Confieso que me hubiese gustado comentar la política nuclear boliviana, pero debo circunscribirme a declaraciones públicas, incluso ambiguas y contradictorias, de las autoridades del Estado.
De hecho, dada la absoluta falta de debate y transparencia acerca del llamado “programa nuclear” de Bolivia, podríamos concluir o que tal “programa” o no existe o, si existe, está rodeado de un manto de secretismo que no condice con su carácter pacífico reiteradamente reclamado por el Gobierno.
En especial, sorprende el silencio de las instituciones académicas (las contadas intervenciones son a título personal) y de los colegios profesionales relacionados (de científicos, médicos, geólogos e ingenieros). Lo único que medianamente se asemeja a un debate se vio en ocasión del ridículo fiasco protagonizado por el Ministerio del Gobierno en torno a la tonelada de “uranio” descubierta hace dos años en La Paz[1].
Un programa nuclear, en cualquier parte del mundo, implica cinco elementos: personal calificado, recursos financieros, tecnología, tiempo de maduración y transparencia y seguridad certificada por el Organismo Internacional de Energía Atómica (OIEA), en cooperación con la agencia nacional responsable del programa.
Además, el hermetismo oficial no condice con el consenso generalizado que existe en torno a la urgencia de ampliar y mejorar el uso de la tecnología nuclear en Bolivia para fines médicos, industriales y de investigación. Un primer paso es dotar a los hospitales del país de tomógrafos PET para diagnosticar con gran precisión tumores y de aceleradores lineales para el tratamiento localizado de esas enfermedades. Ecuador, sin tener plantas, desde hace años ha emprendido el desarrollo de la medicina nuclear. Como otro ejemplo puedo mencionar la producción y certificación de material radiactivo utilizado en la medicina nuclear y en la industria de alimentos. Para eso la formación de recursos humanos y la investigación son imprescindibles, máxime cuando no existe en el país siquiera un curso de licenciatura en Física Nuclear.
La resistencia al programa nuclear, a pesar de los consensos mencionados, se debe a la insistencia del Gobierno en hablar de “plantas de energía nuclear”, incluso dando montos de su costo y ubicaciones poco creíbles.
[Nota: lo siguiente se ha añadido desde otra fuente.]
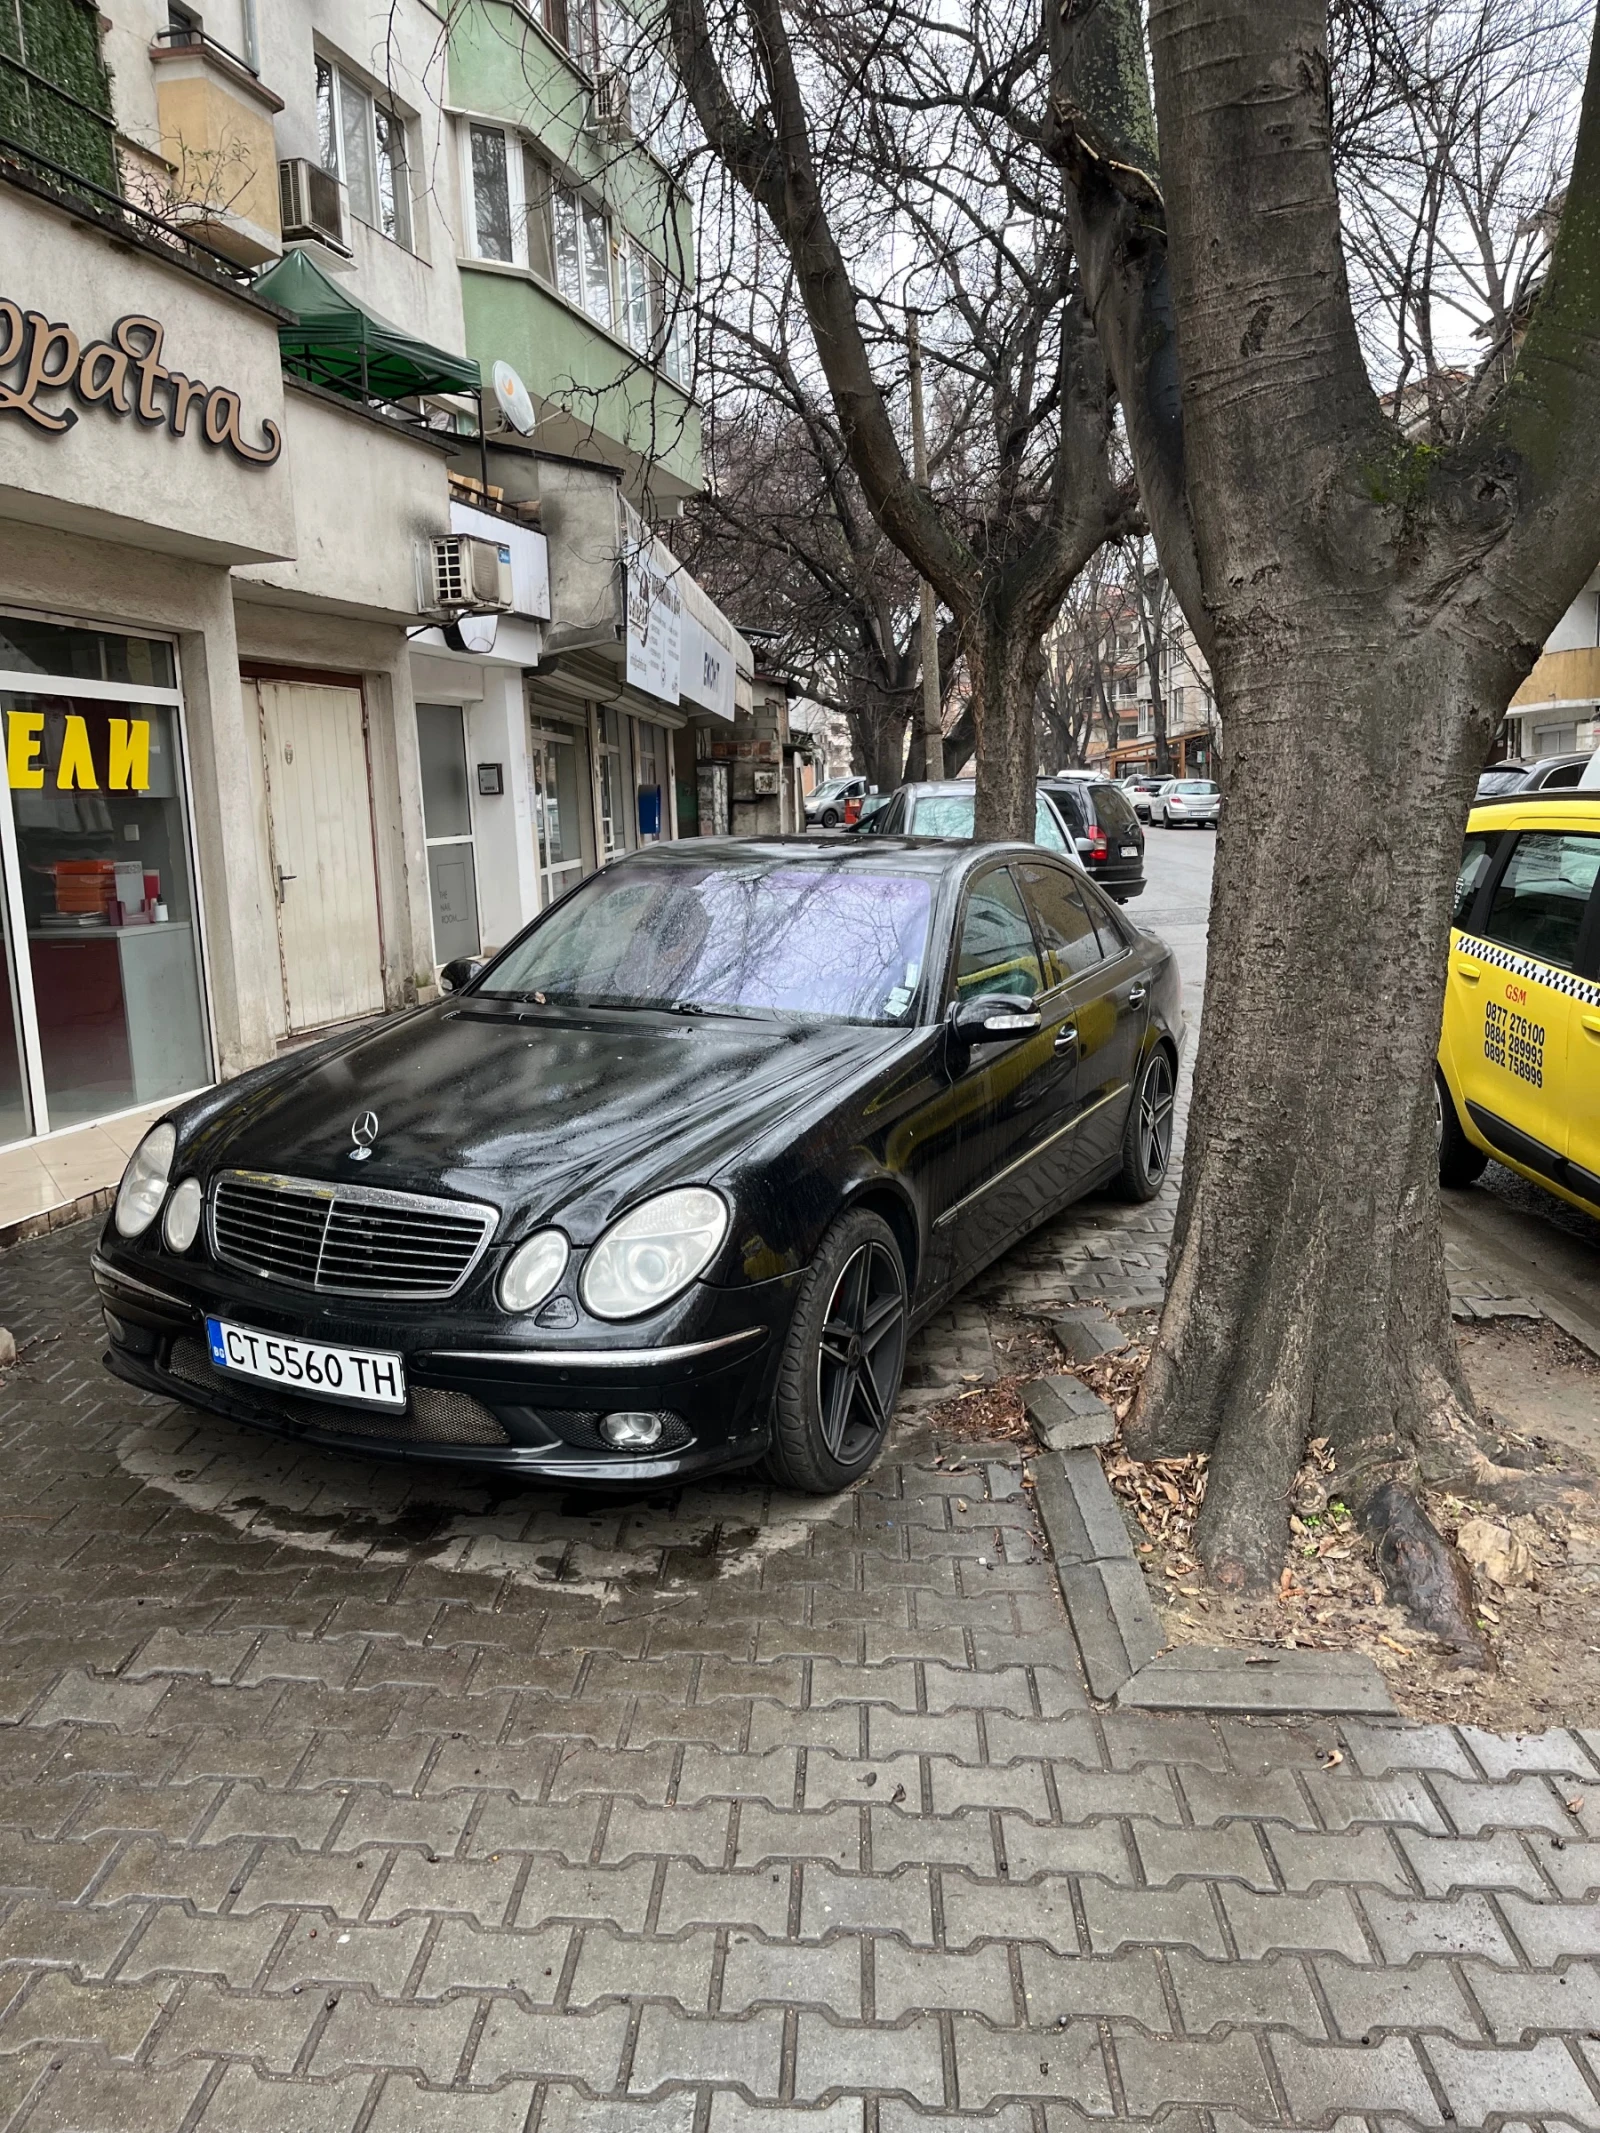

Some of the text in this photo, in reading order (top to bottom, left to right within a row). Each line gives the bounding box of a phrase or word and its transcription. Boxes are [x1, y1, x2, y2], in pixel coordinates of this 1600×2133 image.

[1505, 984, 1527, 1006] GSM
[1484, 1020, 1543, 1068] 0884 289993
[1486, 1000, 1545, 1047] 0877 276100
[1484, 1041, 1543, 1089] 0892 758999
[213, 1346, 226, 1359] BG
[266, 1341, 343, 1388] 5560
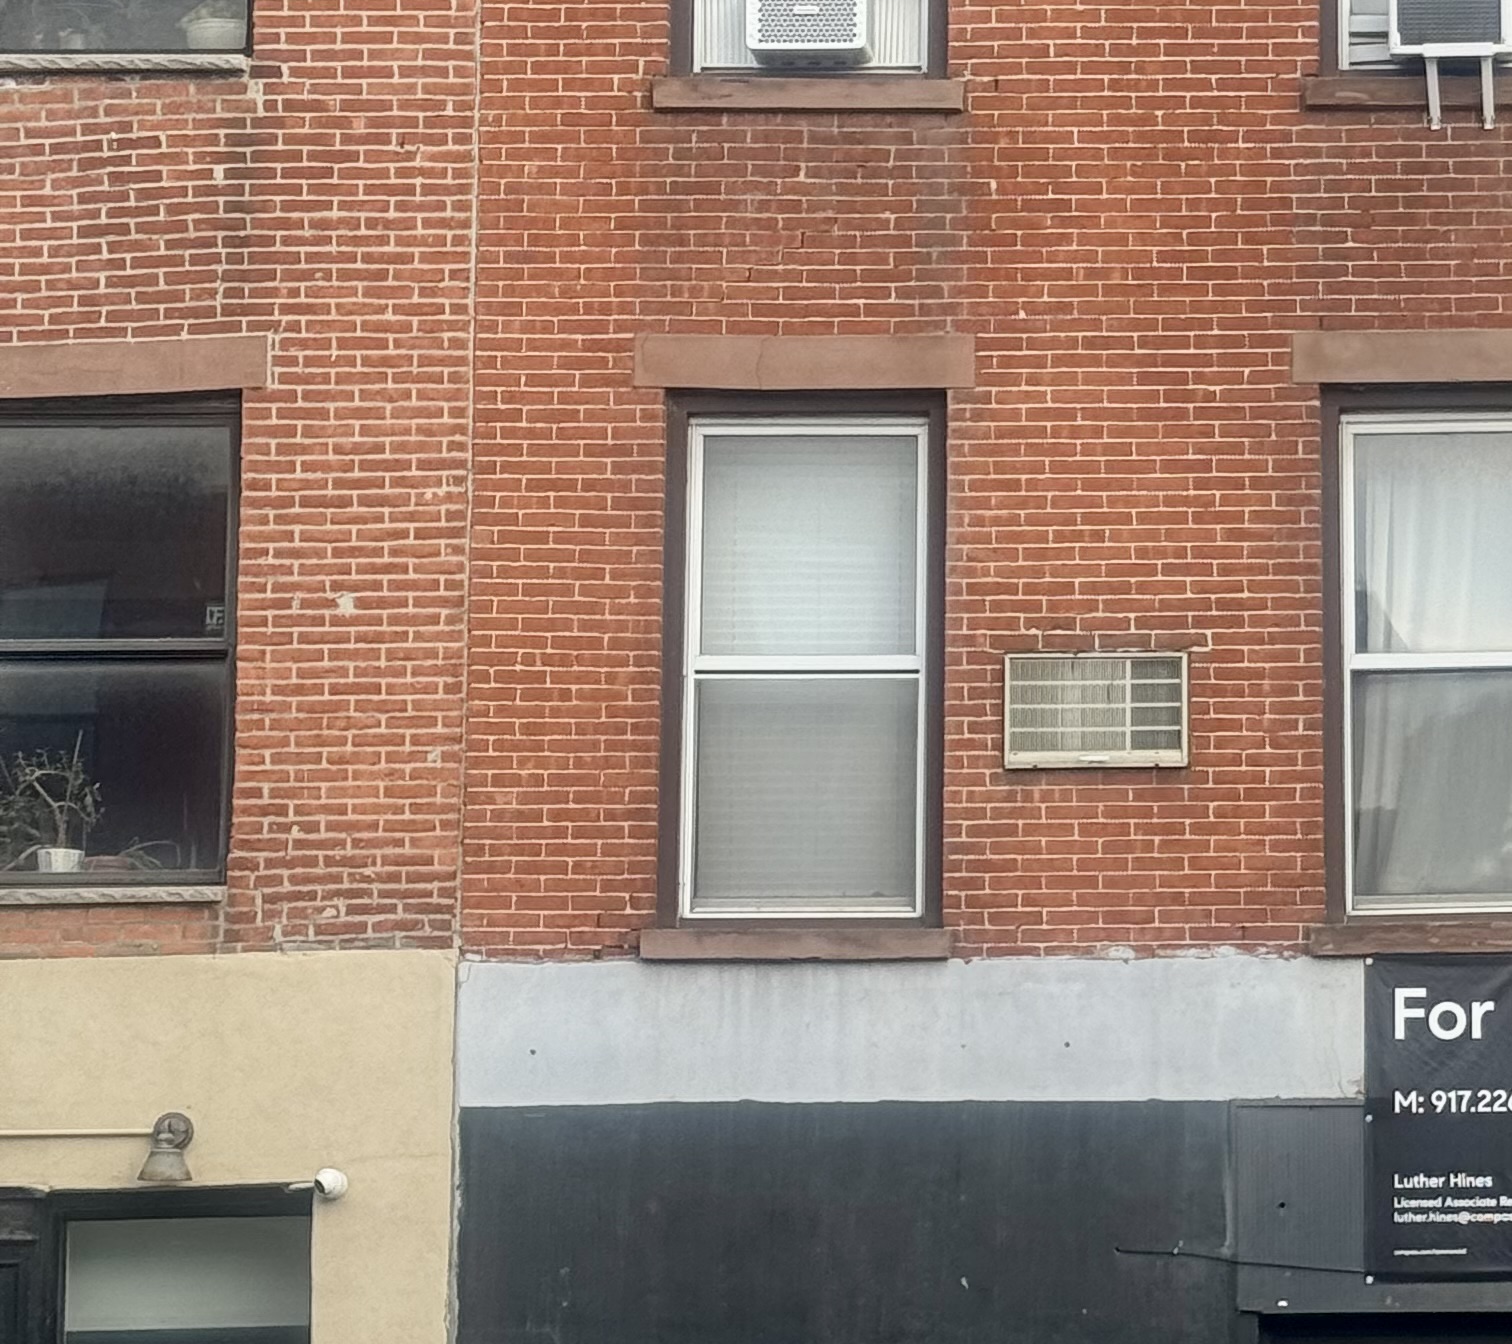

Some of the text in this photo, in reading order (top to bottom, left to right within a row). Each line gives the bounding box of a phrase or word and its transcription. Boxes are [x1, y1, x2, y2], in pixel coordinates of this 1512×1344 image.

[1394, 987, 1495, 1040] For
[1394, 1090, 1425, 1114] M:
[1393, 1172, 1493, 1189] Luther Hines
[1393, 1197, 1442, 1208] Licensed
[1444, 1196, 1498, 1208] Associate
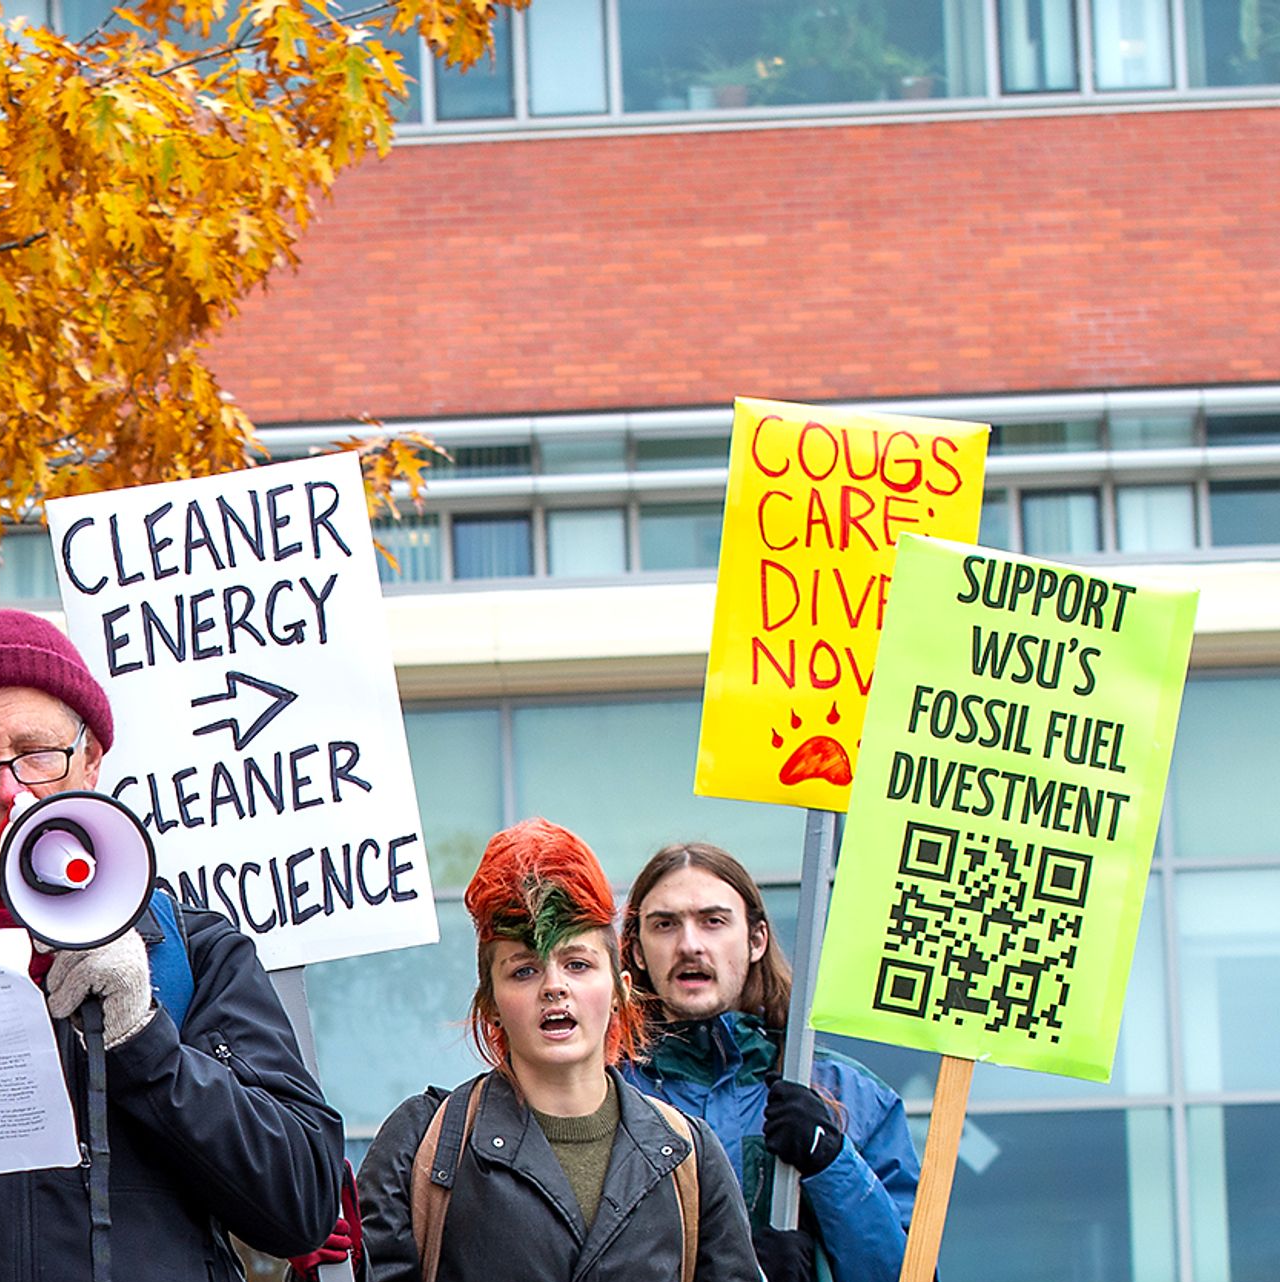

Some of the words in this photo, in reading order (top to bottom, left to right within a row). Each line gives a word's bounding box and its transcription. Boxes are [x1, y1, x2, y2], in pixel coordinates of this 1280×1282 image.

Se trata de la generación de energía eléctrica a partir de procesos de fisión nuclear, una tecnología que se remonta a mediados del siglo XX y que aporta actualmente menos del 20% de la electricidad producida globalmente. En América latina sólo dos países (Argentina y Brasil) tienen esas plantas y su incidencia en las respectivas matrices energéticas no llega al 5%.
Si hubiera un debate abierto y franco, sin secretismos innecesarios, los promotores de esta idea deberían mostrar que sus razones van más allá de argumentos pueriles como “salir de la cueva” o, peor, “responder al chantaje” de los países que poseen esa tecnología[2], por ejemplo demostrando “de cara al pueblo” que una planta nuclear es necesaria, conveniente y posible.
¿Es necesaria? Bolivia tiene suficientes fuentes renovables y no renovables de energía para el suministro de energía eléctrica y hasta excedentes para exportar. Lo que falta son inversiones para desarrollar esas potenciales por culpa de políticas energéticas equivocadas. Además, si se pensara en exportar electricidad (¿a quiénes?), no habría ninguna ventaja comparativa con respecto a otras fuentes que generan electricidad con subsidio.
¿Es conveniente? Opino que no, por el costo elevado de las plantas debido a los siempre mayores requisitos de seguridad[3], las exigencias descomunales de agua para el proceso de enfriamiento del reactor[4] y los riesgos y costos que supone tener que manejar escorias radiactivas durante cientos de años o desmantelar una central nuclear. Sin contar que se ha mencionado como posible ubicación de la planta el altiplano paceño, una región que no se caracteriza precisamente por abundancia de agua. ¡Ni se les ocurra pensar en el lago Titicaca, cuyas aguas son binacionales!
Desde luego es posible instalar en Bolivia una planta nuclear, pero el factor tiempo es fundamental. Por ejemplo, no hay que confundir los indicios de minerales de uranio en el país con la obtención de combustible nuclear. Desafortunadamente el proceso de enriquecer uranio es más complejo que la transformación del litio del salar en litio metálico para baterías, proceso que lleva ya ocho infructuosos años. En todo caso, ¿para que insistir en plantas nucleares como si su instalación fuera inminente, cuando las prioridades de un programa nuclear serio y factible son otras?
Al actual Gobierno no le gusta debatir, sino sólo dar rollos e imponer. En cambio, si hubiera un debate abierto y franco sobre la política nuclear, estoy convencido que los consensos mencionados podrían ampliarse a que Bolivia llegue, en un horizonte de veinte años y con la debida preparación, a la meta de tener plantas nucleares, incluso con base en nuevas tecnologías actualmente en desarrollo.